--- Input records Enclosed Below ---

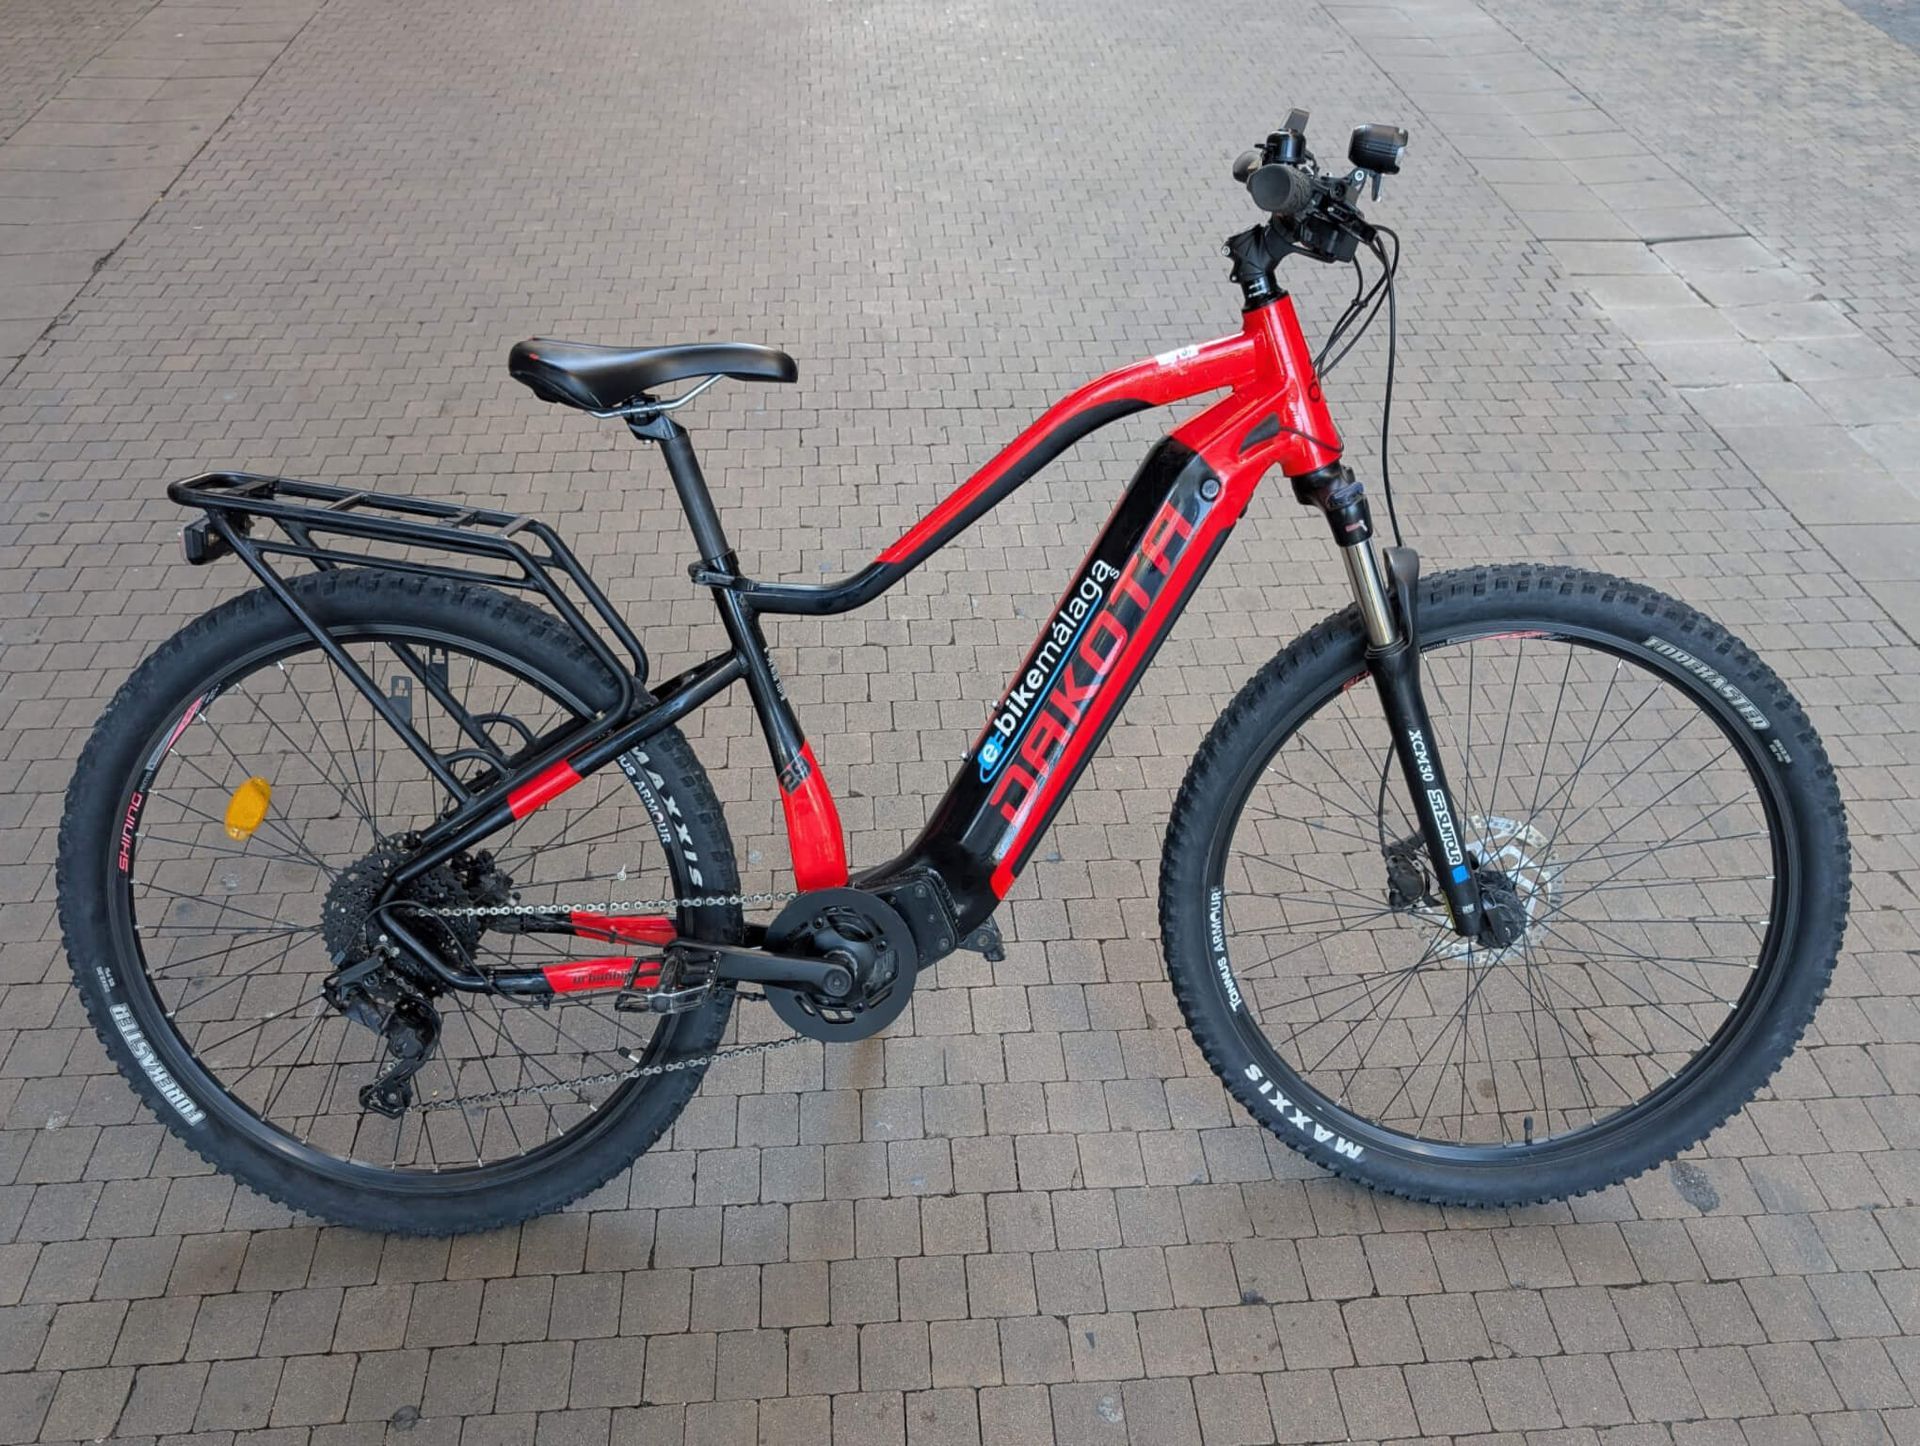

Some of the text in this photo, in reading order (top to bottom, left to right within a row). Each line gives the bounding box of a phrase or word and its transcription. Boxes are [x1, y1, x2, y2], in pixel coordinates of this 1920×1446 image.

[990, 503, 1192, 826] DAKOTA
[1642, 636, 1770, 729] FOREKASTER
[1408, 730, 1434, 782] XCM30
[119, 791, 142, 872] SHINING
[634, 781, 671, 844] ARMOUR
[1209, 890, 1224, 952] ARMOUR
[110, 1002, 207, 1127] FOREKASTER
[1244, 1063, 1364, 1160] MAXXIS
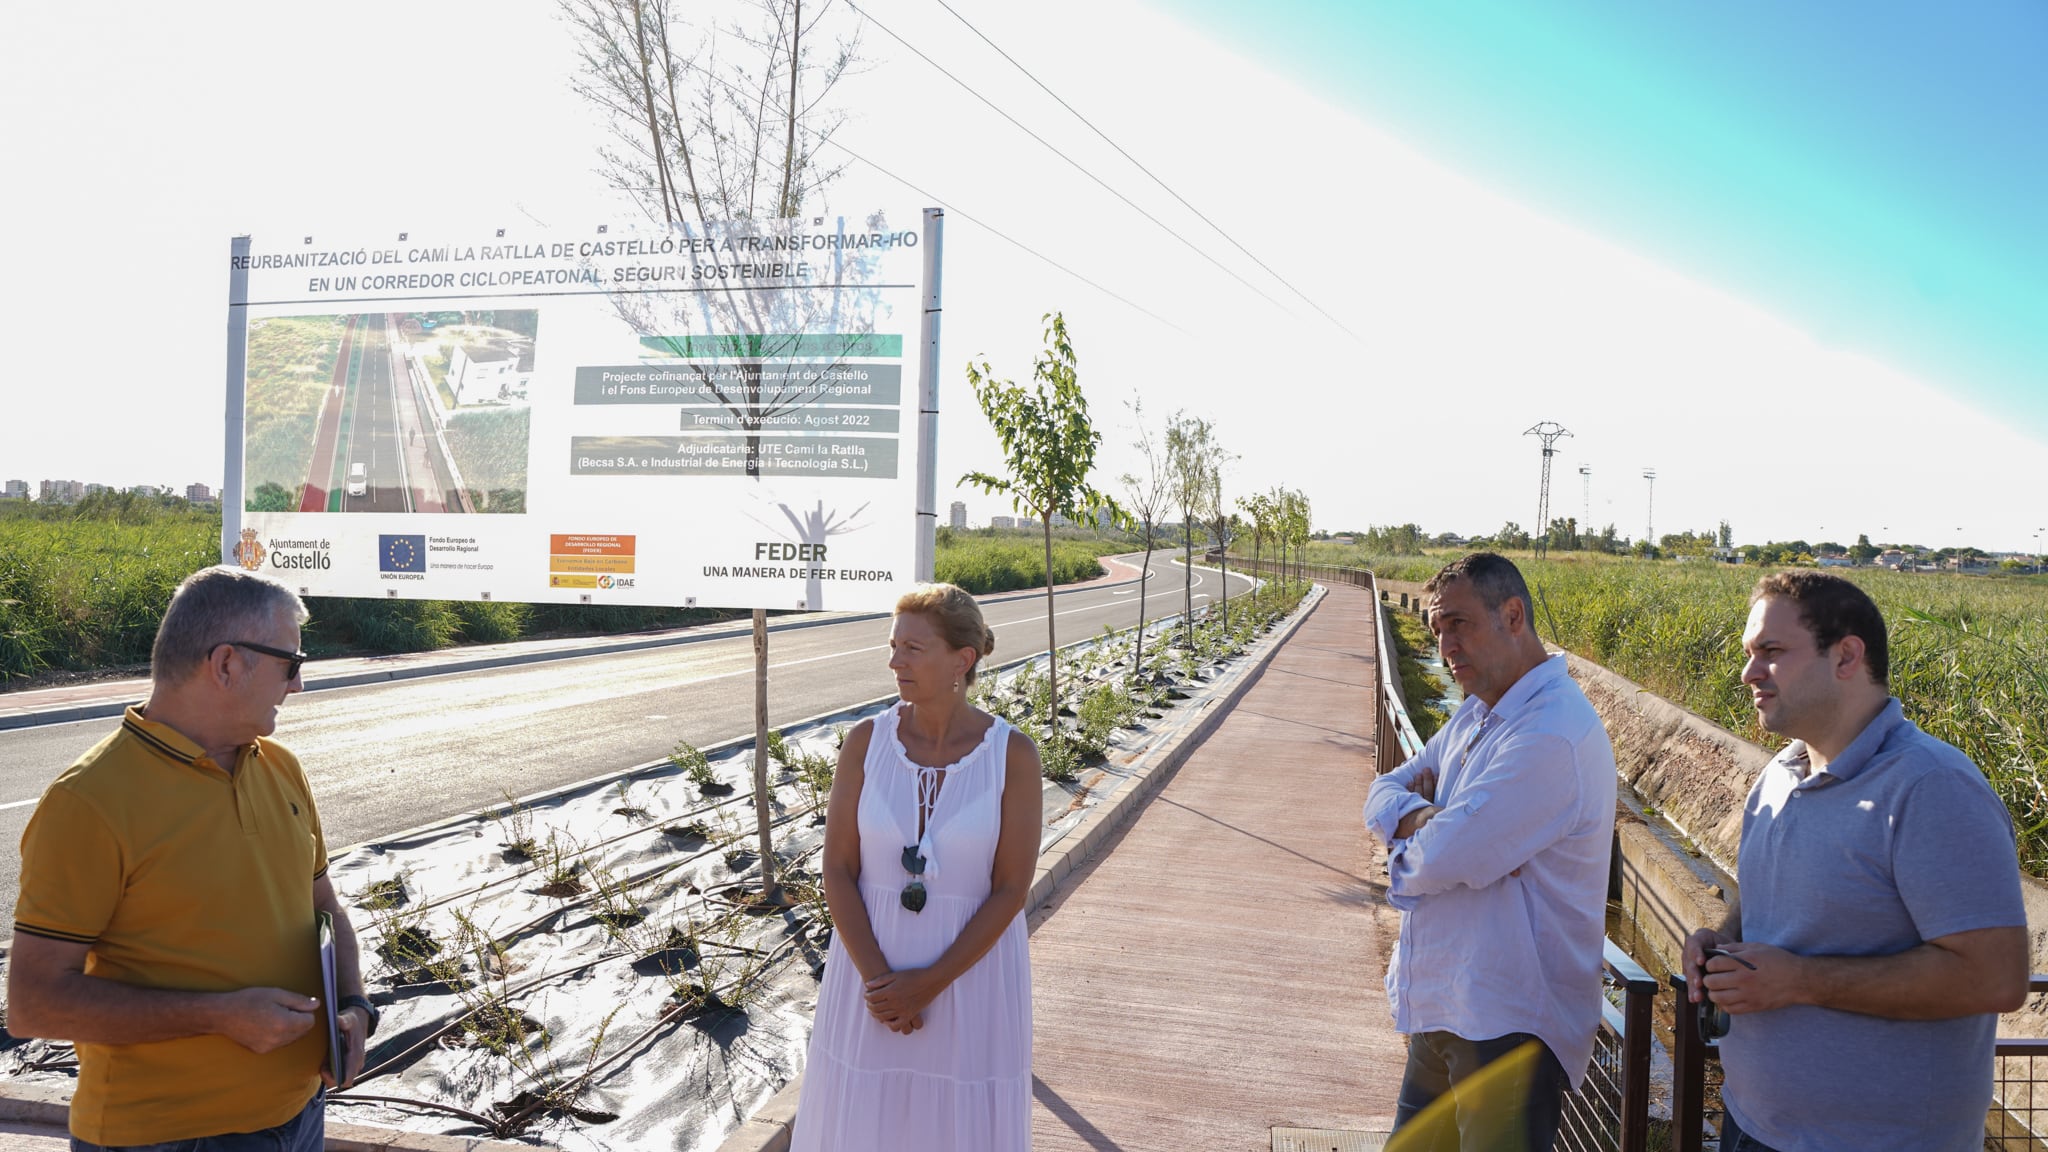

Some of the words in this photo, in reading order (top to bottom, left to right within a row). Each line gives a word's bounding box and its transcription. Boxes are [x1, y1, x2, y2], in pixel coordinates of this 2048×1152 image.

[231, 248, 367, 270] REURBANITZACIÓ
[372, 249, 403, 264] DEL
[408, 244, 449, 263] CAMÍ
[454, 247, 475, 261] LA
[480, 244, 546, 260] RATLLA
[551, 243, 574, 258] DE
[580, 236, 674, 256] CASTELLÓ
[679, 238, 716, 254] PER
[719, 237, 733, 252] A
[738, 231, 918, 251] TRANSFORMAR-HO
[309, 277, 330, 292] EN
[335, 276, 357, 291] UN
[361, 273, 455, 290] CORREDOR
[460, 268, 607, 287] CICLOPEATONAL,
[614, 266, 676, 282] SEGUR
[691, 262, 809, 280] SOSTENIBLE
[602, 372, 646, 384] Projecte
[649, 371, 706, 383] cofinançat
[709, 372, 727, 383] per
[730, 370, 800, 382] l'Ajuntament
[803, 371, 818, 381] de
[820, 370, 868, 381] Castelló
[608, 385, 617, 395] el
[620, 385, 646, 395] Fons
[649, 384, 695, 396] Europeu
[698, 384, 712, 394] de
[715, 383, 816, 395] Desenvolupament
[819, 384, 871, 396] Regional
[693, 414, 734, 425] Termini
[737, 414, 801, 425] d'execució:
[804, 415, 839, 427] Agost
[842, 415, 870, 425] 2022
[758, 444, 782, 454] UTE
[818, 444, 828, 455] la
[831, 444, 865, 455] Ratlla
[578, 457, 614, 469] (Becsa
[617, 457, 638, 467] S.A.
[641, 459, 648, 467] e
[651, 457, 702, 467] Industrial
[705, 457, 719, 467] de
[841, 458, 868, 472] S.L.)
[269, 538, 318, 550] Ajuntament
[320, 538, 330, 549] de
[755, 542, 828, 562] FEDER
[271, 550, 330, 570] Castelló
[703, 566, 728, 577] UNA
[732, 567, 785, 578] MANERA
[789, 568, 807, 579] DE
[811, 568, 836, 580] FER
[840, 570, 893, 582] EUROPA
[617, 578, 635, 586] IDAE

--- End of Enclosed Input records ---

### [What you have to do]
Your reply should consist of the data, transcribed exactly, and should hold no pictures.

### [Your solution]
Some of the text in this photo, in reading order (top to bottom, left to right within a row). Each line gives the bounding box of a phrase or word and its transcription. Boxes are [x1, y1, x2, y2], in pixel coordinates of this 1920×1446 image.

[990, 503, 1192, 826] DAKOTA
[1642, 636, 1770, 729] FOREKASTER
[1408, 730, 1434, 782] XCM30
[119, 791, 142, 872] SHINING
[634, 781, 671, 844] ARMOUR
[1209, 890, 1224, 952] ARMOUR
[110, 1002, 207, 1127] FOREKASTER
[1244, 1063, 1364, 1160] MAXXIS

Some of the words in this photo, in reading order (top to bottom, left to right within a row). Each line gives a word's bounding box and its transcription. Boxes are [x1, y1, x2, y2], in pixel coordinates of this 2048×1152 image.

[231, 248, 367, 270] REURBANITZACIÓ
[372, 249, 403, 264] DEL
[408, 244, 449, 263] CAMÍ
[454, 247, 475, 261] LA
[480, 244, 546, 260] RATLLA
[551, 243, 574, 258] DE
[580, 236, 674, 256] CASTELLÓ
[679, 238, 716, 254] PER
[719, 237, 733, 252] A
[738, 231, 918, 251] TRANSFORMAR-HO
[309, 277, 330, 292] EN
[335, 276, 357, 291] UN
[361, 273, 455, 290] CORREDOR
[460, 268, 607, 287] CICLOPEATONAL,
[614, 266, 676, 282] SEGUR
[691, 262, 809, 280] SOSTENIBLE
[602, 372, 646, 384] Projecte
[649, 371, 706, 383] cofinançat
[709, 372, 727, 383] per
[730, 370, 800, 382] l'Ajuntament
[803, 371, 818, 381] de
[820, 370, 868, 381] Castelló
[608, 385, 617, 395] el
[620, 385, 646, 395] Fons
[649, 384, 695, 396] Europeu
[698, 384, 712, 394] de
[715, 383, 816, 395] Desenvolupament
[819, 384, 871, 396] Regional
[693, 414, 734, 425] Termini
[737, 414, 801, 425] d'execució:
[804, 415, 839, 427] Agost
[842, 415, 870, 425] 2022
[758, 444, 782, 454] UTE
[818, 444, 828, 455] la
[831, 444, 865, 455] Ratlla
[578, 457, 614, 469] (Becsa
[617, 457, 638, 467] S.A.
[641, 459, 648, 467] e
[651, 457, 702, 467] Industrial
[705, 457, 719, 467] de
[841, 458, 868, 472] S.L.)
[269, 538, 318, 550] Ajuntament
[320, 538, 330, 549] de
[755, 542, 828, 562] FEDER
[271, 550, 330, 570] Castelló
[703, 566, 728, 577] UNA
[732, 567, 785, 578] MANERA
[789, 568, 807, 579] DE
[811, 568, 836, 580] FER
[840, 570, 893, 582] EUROPA
[617, 578, 635, 586] IDAE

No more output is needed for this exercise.